Le spiegazioni con cui si dimette Josh Paul, funzionario che supervisiona la vendita di armi Usa, per il massacro di Gaza

“Non potevo cambiare nulla”, così Josh Paul si è dimesso dopo aver passato dieci anni nell’ufficio statale supervisionando la vendita di armi, a causa dell’approccio americano al conflitto israelo-palestinese.

Ecco cosa ha scritto su Linkedin:

“Sono entrato a far parte dell’Ufficio per gli affari politico-militari (PM) più di 11 anni fa e l’ho trovato un lavoro affascinante con compiti e obiettivi coinvolgenti e spesso immensamente impegnativi, intellettualmente e moralmente. Sono stato orgoglioso nel mio periodo di servizio di aver fatto molte differenze, sia visibilmente che dietro le quinte, dalla difesa dei rifugiati afghani, al respingere (con risultati non insignificanti) le decisioni pendenti dell’Amministrazione di trasferire armi letali a paesi che abusano degli esseri umani. diritti umani, per modellare politiche e pratiche che promuovono i diritti umani,
a lavorare instancabilmente per portare avanti quelle politiche e decisioni che sono buone e giuste; dai nostri sforzi umanitari globali per lo sminamento al nostro sostegno alla difesa dell’Ucraina di fronte alla sanguinaria aggressione russa.

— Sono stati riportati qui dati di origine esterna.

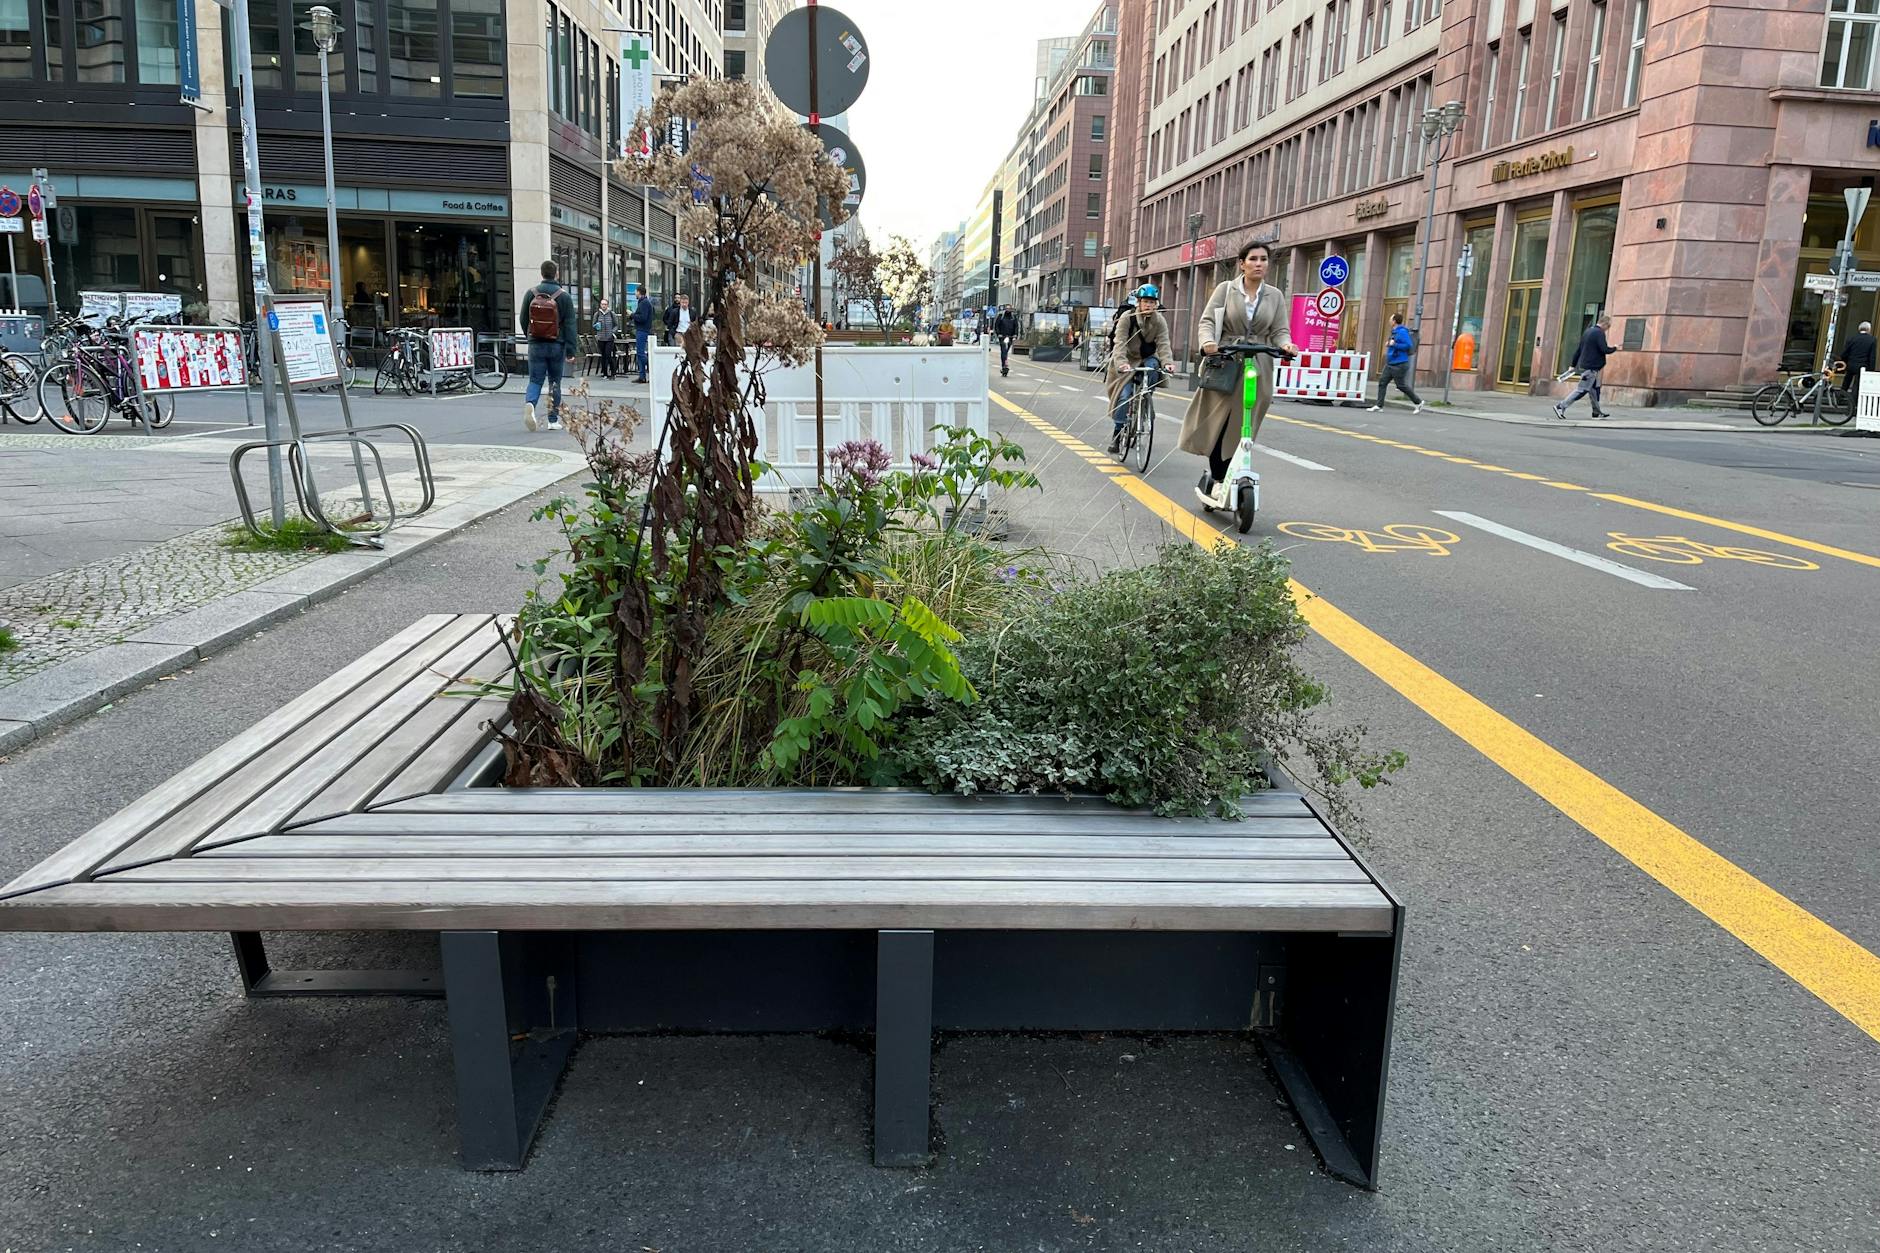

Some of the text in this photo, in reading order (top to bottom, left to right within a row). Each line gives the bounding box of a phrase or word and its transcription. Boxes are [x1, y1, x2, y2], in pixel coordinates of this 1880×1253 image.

Quando mi sono rivolto a questo Bureau, l’entità del governo degli Stati Uniti maggiormente responsabile del trasferimento e della fornitura di armi a partner e alleati, sapevo che non era privo di complessità morale e di compromessi morali, e mi sono ripromesso che sarei rimasto per quanto finché sentivo che il male che avrei potuto fare avrebbe potuto essere controbilanciato dal bene che avrei potuto fare. Nei miei 11 anni ho fatto più compromessi morali di quanti possa ricordare, ciascuno pesantemente, ma ciascuno con in mente la promessa fatta a me stesso e intatta. Me ne vado oggi perché credo che nel nostro percorso attuale per quanto riguarda la continua – anzi, ampliata e accelerata – fornitura di armi letali a Israele – ho raggiunto la fine di quell’accordo.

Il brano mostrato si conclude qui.